* _Data to process_:
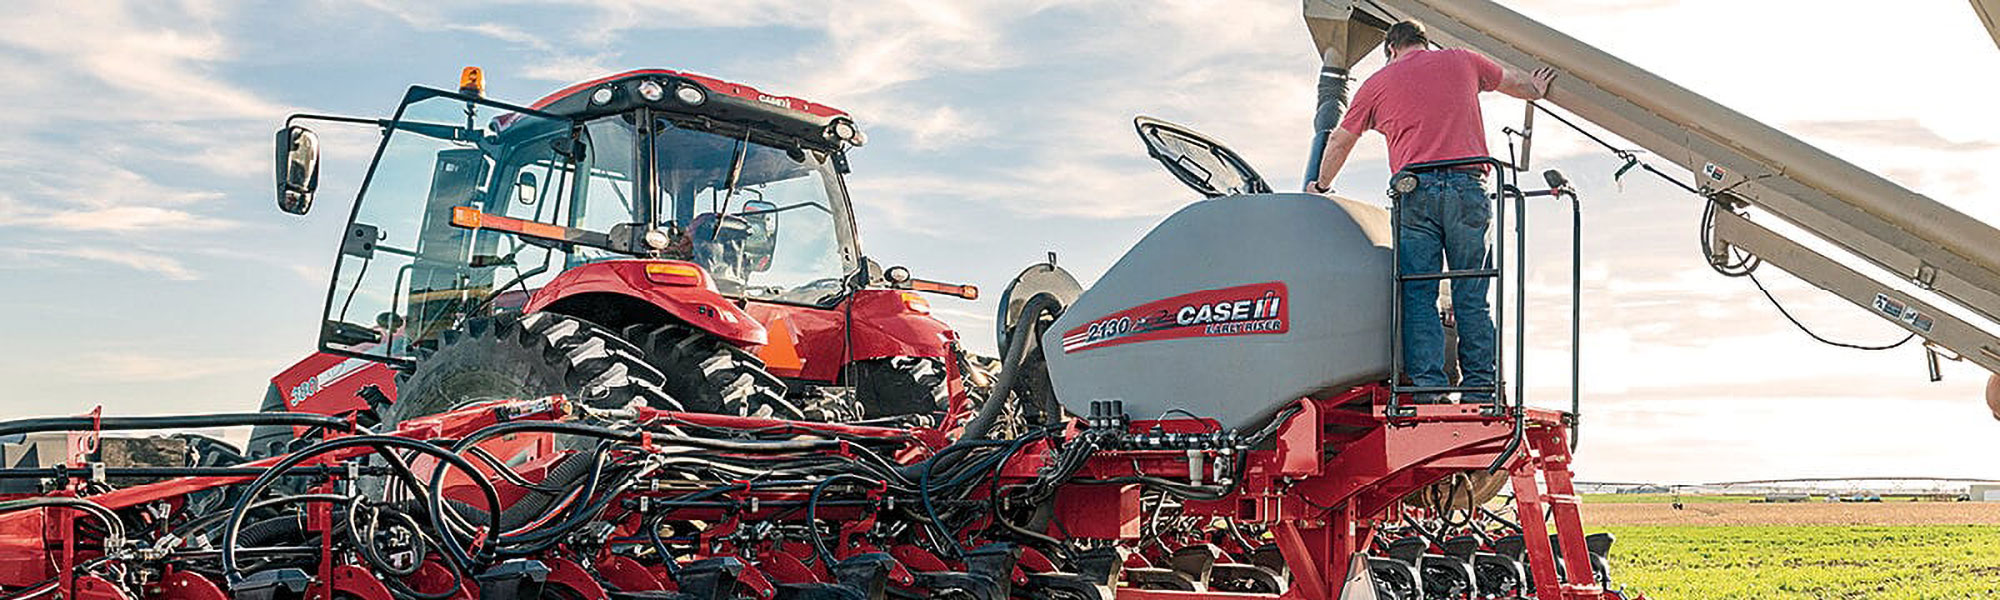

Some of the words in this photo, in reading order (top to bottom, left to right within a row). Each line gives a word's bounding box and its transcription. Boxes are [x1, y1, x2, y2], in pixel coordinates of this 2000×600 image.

[1176, 299, 1251, 326] CASE
[1086, 316, 1131, 342] 2130
[1205, 321, 1242, 335] EARLY
[1243, 319, 1282, 332] RISER
[290, 376, 320, 407] 380

* _Aim of the task_: Reproduce every line of the material precisely, omitting its pictures.

* _The answer_:
Some of the words in this photo, in reading order (top to bottom, left to right within a row). Each line gives a word's bounding box and its transcription. Boxes are [x1, y1, x2, y2], in pixel coordinates of this 2000×600 image.

[1176, 299, 1251, 326] CASE
[1086, 316, 1131, 342] 2130
[1205, 321, 1242, 335] EARLY
[1243, 319, 1282, 332] RISER
[290, 376, 320, 407] 380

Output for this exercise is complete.